**Task instructions**
Transcribe the whole listing without a single picture.

**Records provided**
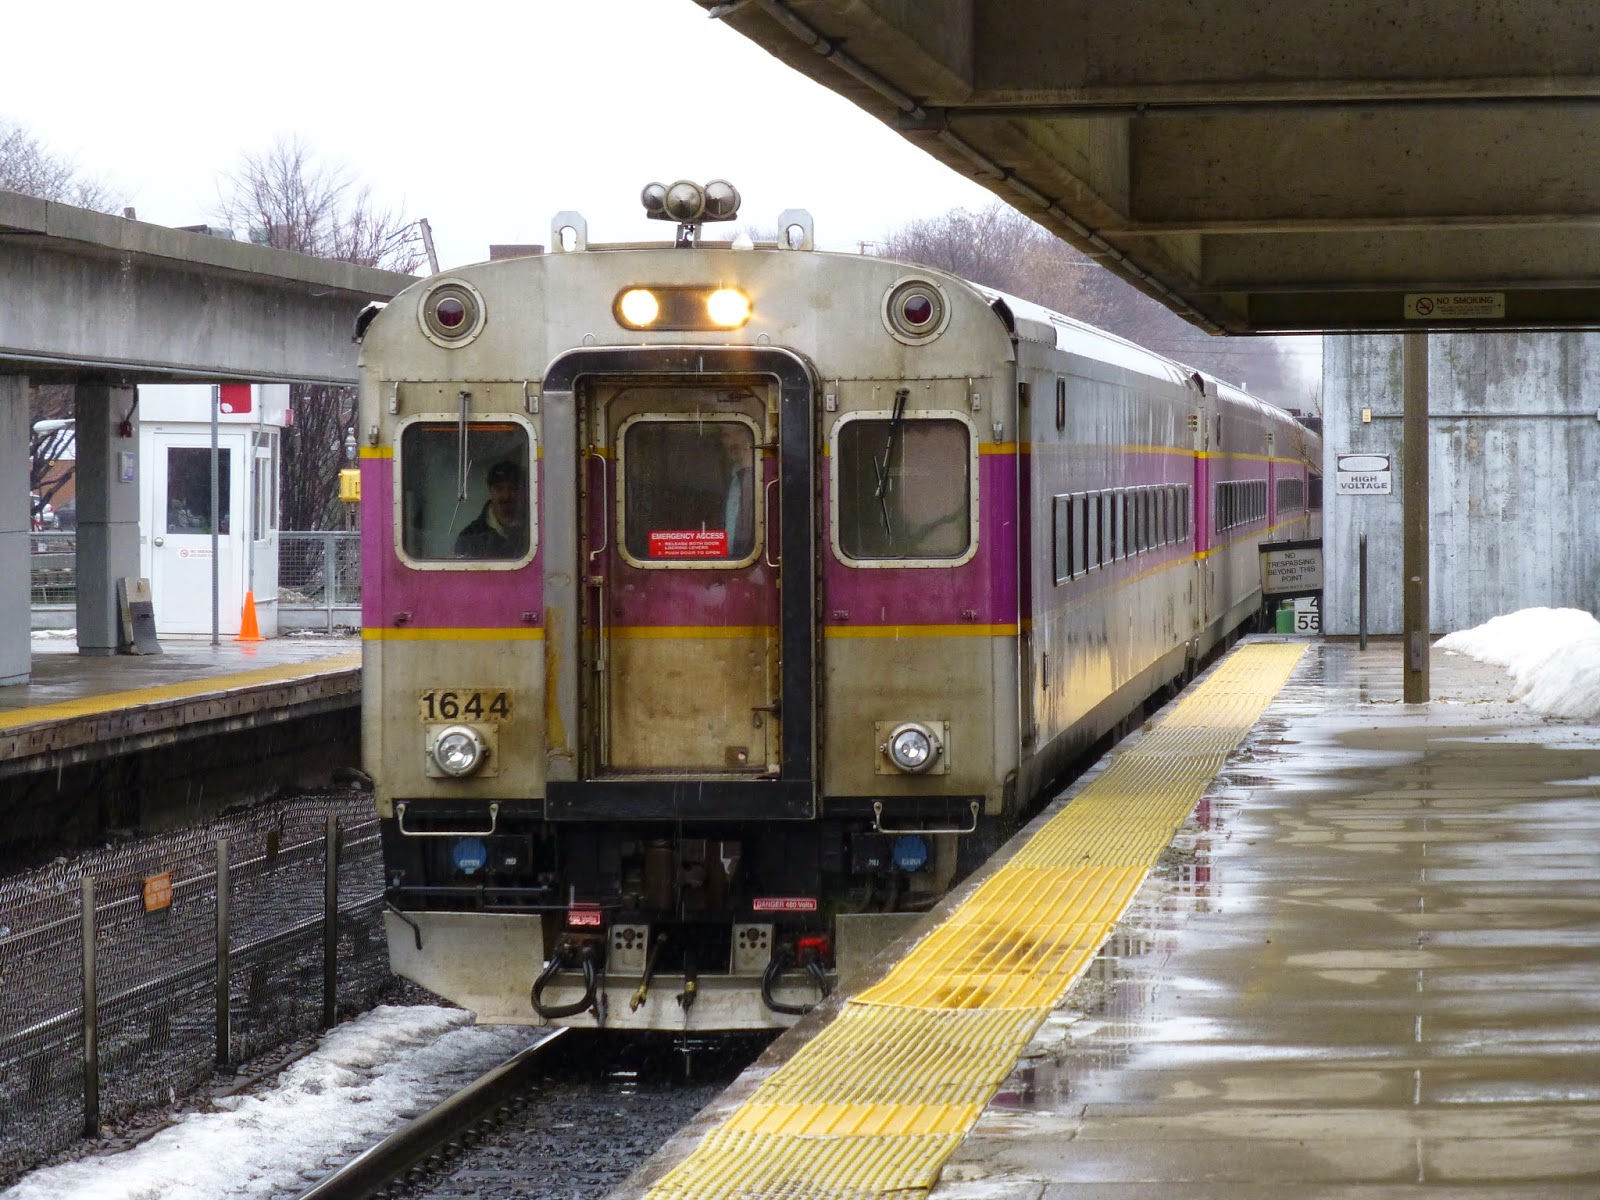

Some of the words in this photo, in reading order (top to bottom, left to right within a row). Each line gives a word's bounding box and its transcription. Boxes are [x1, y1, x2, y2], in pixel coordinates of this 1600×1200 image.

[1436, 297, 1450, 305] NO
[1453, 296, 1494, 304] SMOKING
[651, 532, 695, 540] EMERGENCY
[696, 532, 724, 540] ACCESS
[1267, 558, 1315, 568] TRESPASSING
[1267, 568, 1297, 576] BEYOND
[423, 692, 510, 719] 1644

**Task result**
Some of the words in this photo, in reading order (top to bottom, left to right within a row). Each line gives a word's bounding box and its transcription. Boxes are [x1, y1, x2, y2], in pixel coordinates of this 1600×1200 image.

[1436, 297, 1450, 305] NO
[1453, 296, 1494, 304] SMOKING
[651, 532, 695, 540] EMERGENCY
[696, 532, 724, 540] ACCESS
[1267, 558, 1315, 568] TRESPASSING
[1267, 568, 1297, 576] BEYOND
[423, 692, 510, 719] 1644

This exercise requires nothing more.